I won't post a link. I won't point out who it is. It's not worth it.
But someone out there in the internet is getting very very whiny about the state of the music industry, and it's implications on his releasing an album.
Summary: "People pirate music. I have an album complete, but it will just be pirated. Fuck the pirates, everyone can *suffer* having never experienced my genius creation since I refuse to release it to this cold, dead, world. If only a label could come and pay for my release, then it would be OK."
Here's my take on the current music business situation: I write music. I write music as an outlet. I work with others collaboratively to create music as an outlet and as a means to accomplish something collaboratively interesting. There's a billion other reasons why I do it, but that's a good summary.
So once it's done, it gets released, maybe online only, maybe CDR in small batches through CD Baby. I'm small potatoes. It may not be in stores outside of this here internet, and it will probably see sales in the tens to hundreds if I'm lucky. And no, I can't live off of it. I'll probably continually pump money into this money pit I call an outlet for the rest of my natural life. And people may pirate it.
You know what? GREAT! Take it all. I have enough cajones to publically state that I GET OFF KNOWING THAT PEOPLE LISTEN TO WHAT I CREATE. Those that appreciate it enough will pay for it. Those that dont and walk away having listened to a track or two for a few minutes, well that little bit of time was my chance to interest them and it didn't work. So what. I'd wrather have 10 people listening to and enjoying my songs regularly that DIG into it, than 500,000 people with it in their iPods on some playlist that they pop on once every few months.
Everyone wants to be a rockstar to a degree - we love to feel attention, to feel admired or even pitied. But the financial ramifications are pretty bleak - making a living as a musician in a band is extroardinarily hard these days and it gets worse every year. Live music is a money pit, recording is a money pit, promotion is a money pit, and signing to a label is something that could strip you of your rights to your music and leave you poor, without your creations, and with nothing to show.
My opinion is my opinion. If you're a musician and you feel like you have what it takes to make it - go for it. I am, I'm trying my damndest. I've got a day job, I've got a life, and I've got a drive to create like you wouldn't believe, and every chance I have to expose people to my creations I will gladly take.
So if you see my music on filesharing - The Wretch, Etherine, Ivilion, Sythilix, Zerodivided - STEAL IT. Listen to it. Send me an email if you like it. Do what you want. If you like it enough, it's easy to find most of my stuff on iTunes or Magnatune to pay for it. Throw it on podcasts, put it on mixtapes, make crappy skateboarding videos with the songs as soundtracks to post on Youtube.

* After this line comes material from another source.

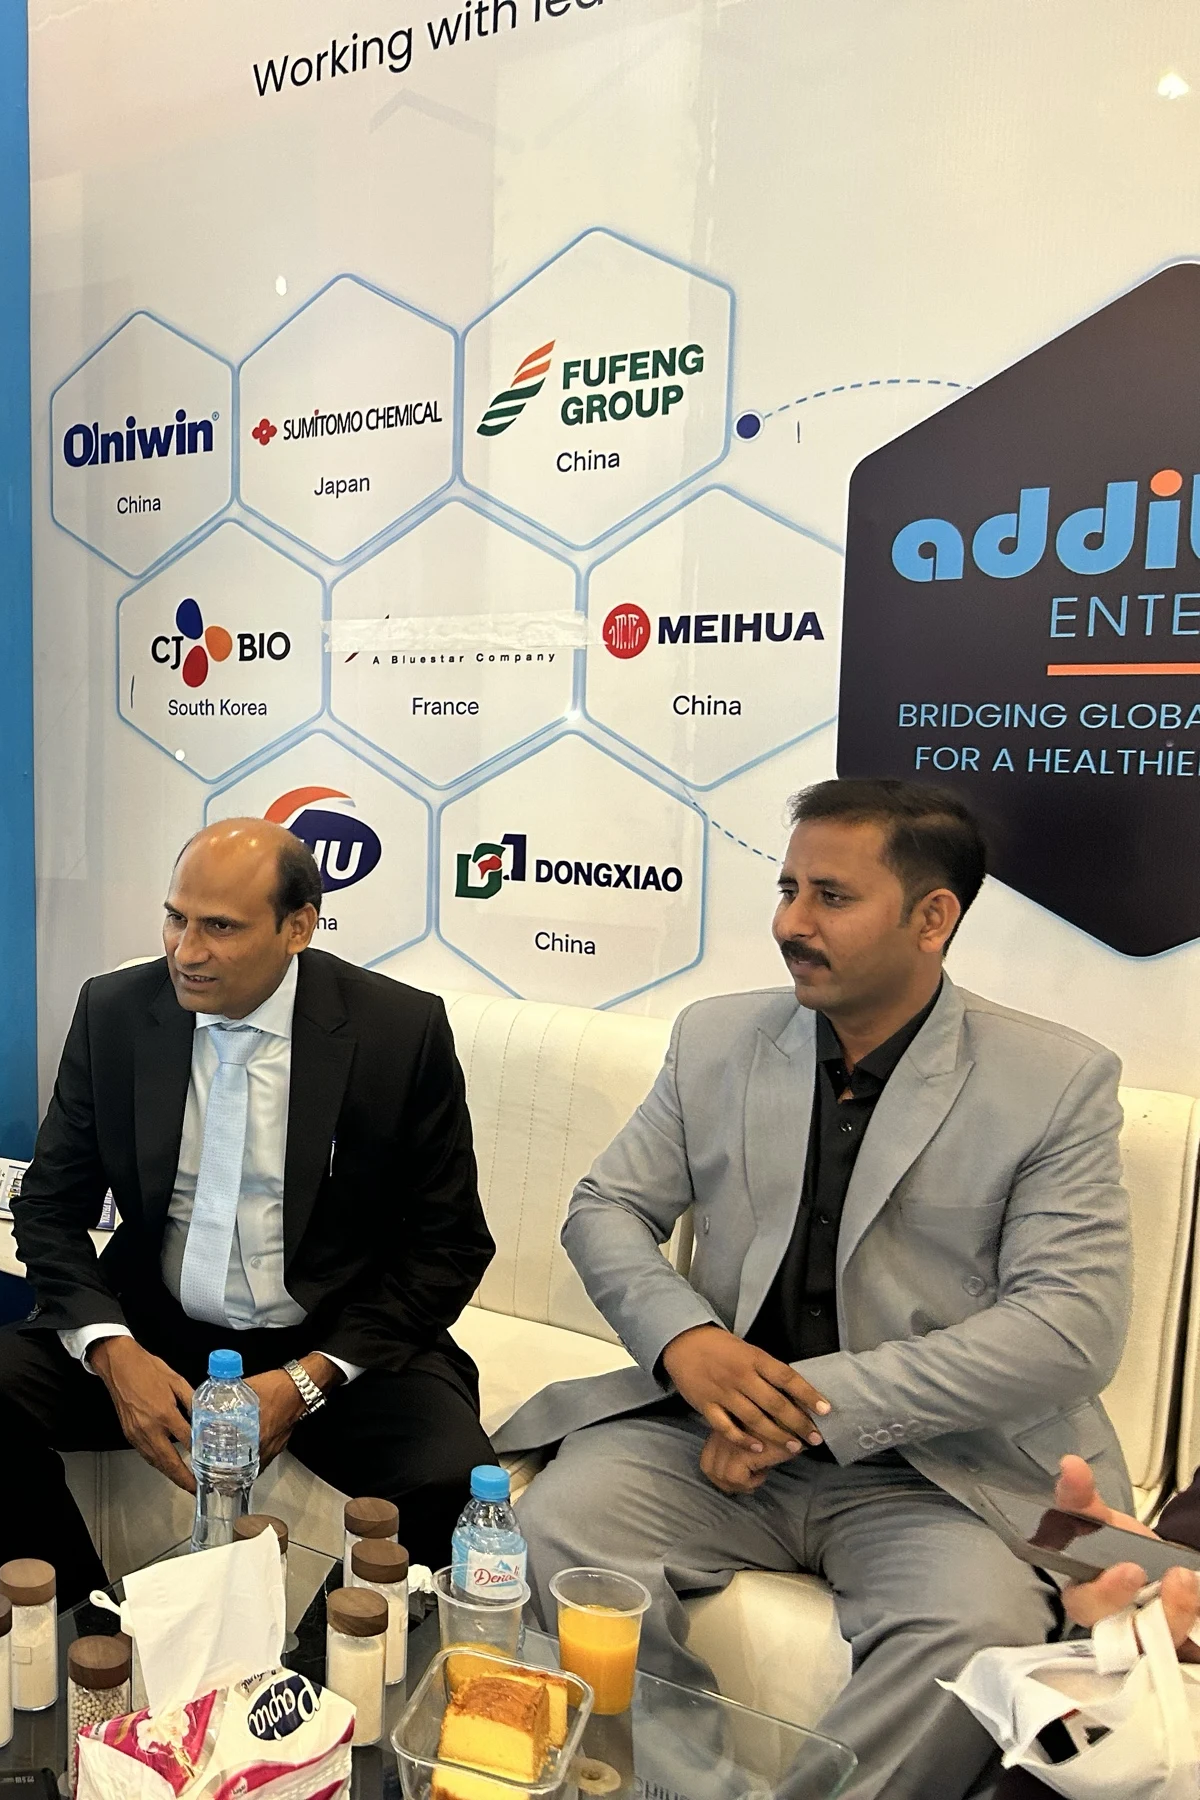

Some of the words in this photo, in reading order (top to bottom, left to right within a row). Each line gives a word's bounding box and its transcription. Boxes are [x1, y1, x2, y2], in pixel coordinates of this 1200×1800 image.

The audience should never have become the enemy. That's not the point. The enemy is the record industry, but that's old news. I thought by now everyone realized that going outside of traditional distribution methods was the way - finding the audience means you have to follow them and they sure as hell aren't going to record stores anymore.

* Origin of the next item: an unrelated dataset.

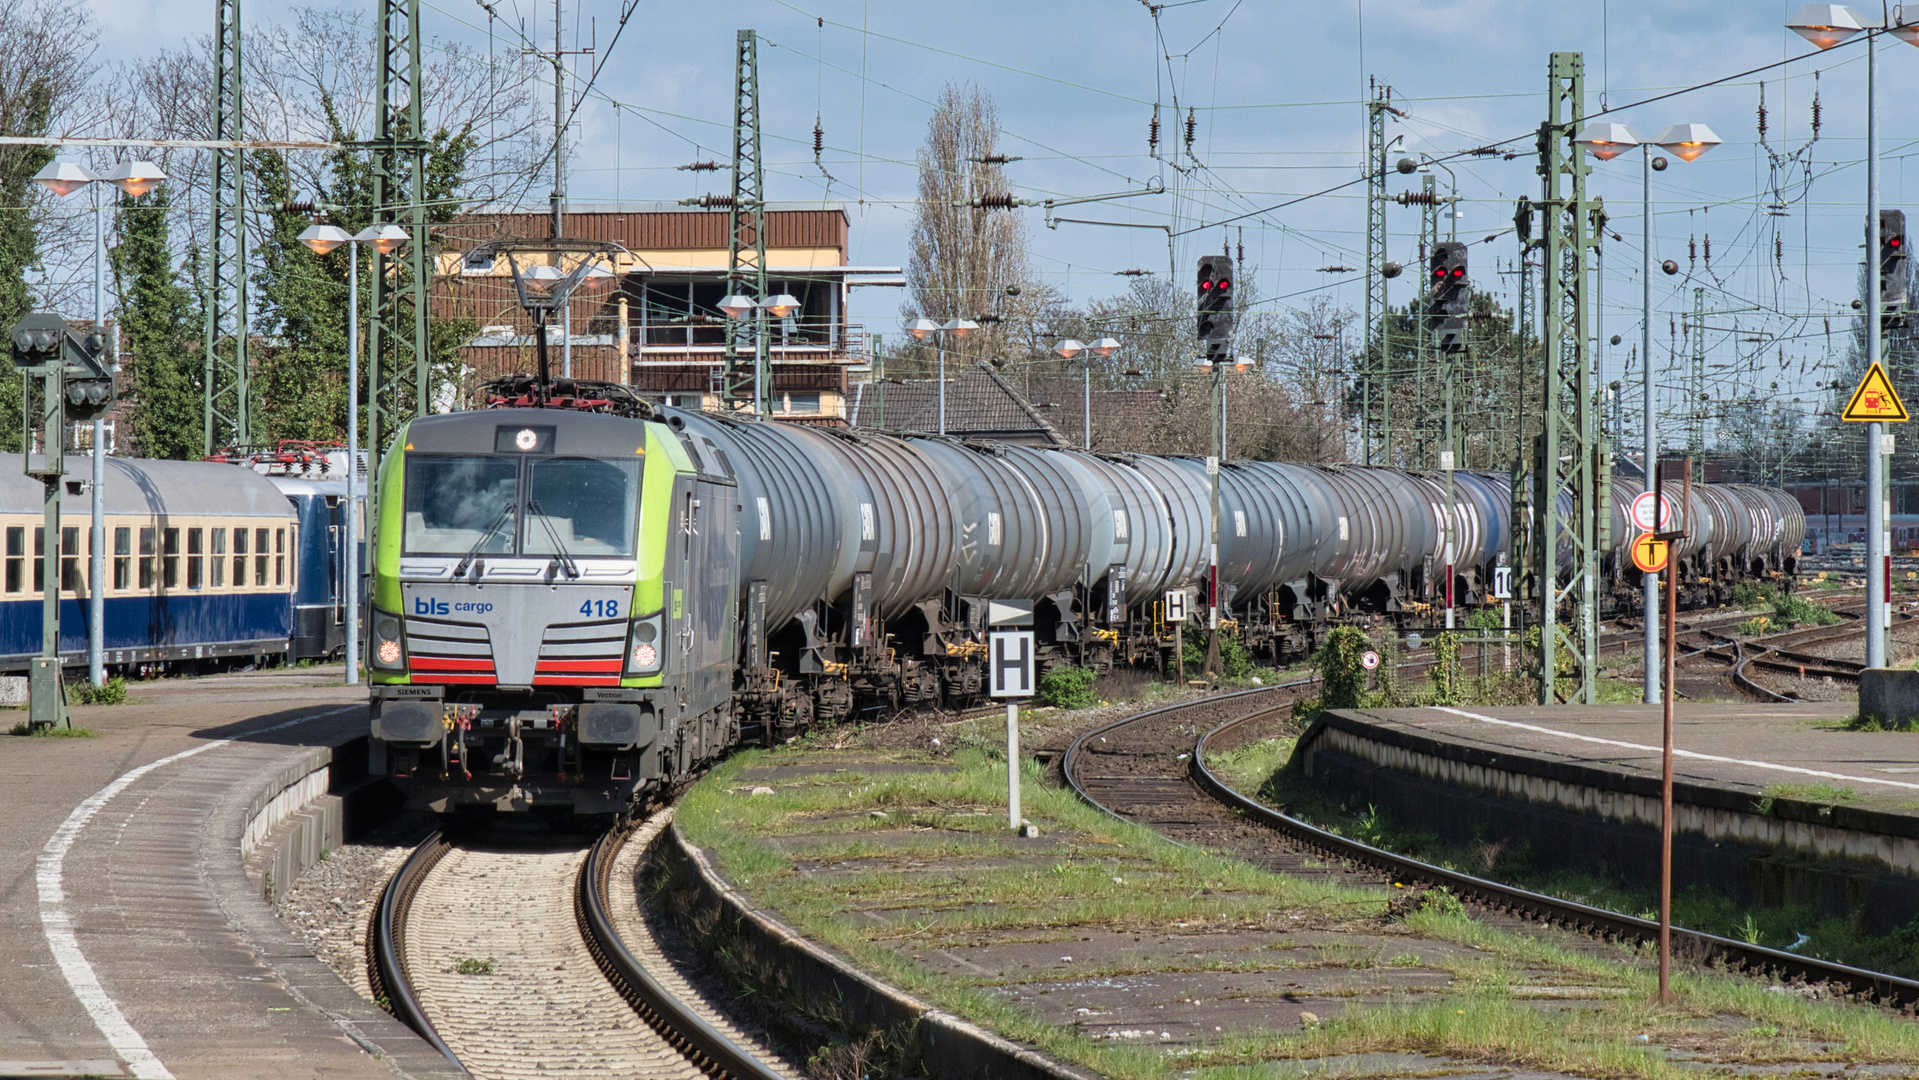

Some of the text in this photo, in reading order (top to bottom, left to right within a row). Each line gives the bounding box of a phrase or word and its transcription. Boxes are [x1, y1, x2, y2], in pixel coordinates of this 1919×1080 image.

[415, 597, 493, 615] bls cargo
[579, 599, 618, 617] 418
[1168, 594, 1184, 618] H
[995, 637, 1030, 690] H

As one last note - noone owes you a living. Humans are adaptive, when we're hungry or cold, we are very resourceful at making sure we have those things provided. Money is a necessary evil for these things nowadays, and sometimes you have to swallow your pride and do something you hate to enable you to do something you love - that's adaptation in the modern age.
/michael
Thursday, June 7, 2007
Thursday, May 3, 2007
Hiatus over
So it's been a bit since I've posted, but I hope to be posting more regularly now.

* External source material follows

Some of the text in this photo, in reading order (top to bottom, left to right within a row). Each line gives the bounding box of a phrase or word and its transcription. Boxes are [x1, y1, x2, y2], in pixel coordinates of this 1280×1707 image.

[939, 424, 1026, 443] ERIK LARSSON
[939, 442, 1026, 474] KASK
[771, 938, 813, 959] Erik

Administrivia: endmusik.com is now slightly redesigned, it'll be relaunching slowly with new content and will act as my "distribution" arm for all of the music (and maybe from my friends as well)
Anyway, I need to keep on point. If there's one thing I've realized - it's that I'm opinionated but stay relatively moderate out in the world of the web. I take the middle road. I take the easy way out. I'm not confrontational. I keep odd bedfellows in that regard - most of my closest friends are outspoken, opinionated and downright brazen.
Screw it. Say goodbye to the old Mike.
So let's start on a subject near and dear to my heart: music
In the past couple of months I've picked up a couple of newer releases (direct order or actually walked into a store and bought on release day)
Skinny Puppy - Mythmaker
Nine Inch Nails - Year Zero
Download - Fixer
I'll focus on those three for this edition.....
Background: I am a diehard Cevin Key fan - I've followed puppy, download, and most of the inter-related projects since I first discovered puppy back in junior high. I had a passing interest in NIN in high school but pushed it away in a hurry when I discovered "true industrial" and bought the line that he "stole his ideas from puppy and made a fortune".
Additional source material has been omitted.